Jay Caspian Kang's eight predictions for higher education in The New Yorker opens with a deceptively calm premise: the next decade won't be Armageddon. But read the predictions carefully and a harder truth surfaces. The institutions that survive will be the ones that successfully reposition themselves as AI-integrated credential factories. The ones that don't will be treated as apps that failed to attract users. The metaphor is not accidental.
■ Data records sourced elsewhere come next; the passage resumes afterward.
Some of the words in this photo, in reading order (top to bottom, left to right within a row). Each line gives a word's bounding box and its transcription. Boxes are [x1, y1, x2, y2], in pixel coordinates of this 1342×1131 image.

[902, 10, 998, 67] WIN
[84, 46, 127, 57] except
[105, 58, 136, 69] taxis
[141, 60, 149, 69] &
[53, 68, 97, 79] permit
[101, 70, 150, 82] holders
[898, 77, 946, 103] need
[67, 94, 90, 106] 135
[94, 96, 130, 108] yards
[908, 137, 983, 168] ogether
The Learning Gap and the Middle School Window
A 2026 paper on arXiv titled "AI-Integrated Learning Management System for Middle School" presents longitudinal data showing that middle school is the critical window for building learning routines that persist through high school and beyond. The paper's finding: early AI integration in structured learning environments compounds positively over time. The implication no one wants to say out loud is that students in under-resourced schools who don't encounter AI-integrated learning in that window will carry a structural disadvantage that higher education cannot fully remediate. Kang's prediction that elite universities will double down on selectivity while regional schools face enrollment cliffs is the downstream consequence of exactly this dynamic. Fast Company's piece on unlearning at work asks what professional habits need to be shed to survive the current moment. But unlearning is a luxury. It requires the prior existence of stable, transferable skills worth replacing.
DIY Health AI and the Democratization Mirage
The arXiv paper on the DIYHealth Suite is quietly radical. It argues that most health AI advances rely on hospital-grade devices, creating a two-tier system where the people most in need of health monitoring are least likely to access AI-powered tools. The researchers built a dataset and benchmark specifically for home-based health management. This is the access argument applied to healthcare. It mirrors exactly what the higher education cliff looks like from the other end: systems designed for the well-resourced that generate data on the well-resourced, then claim universality. TurboFund's list of 25 healthtech VCs shows where capital is flowing. It is, overwhelmingly, toward the hospital-grade end of the market. The DIY tier remains the domain of academic papers and grant funding, not Series As.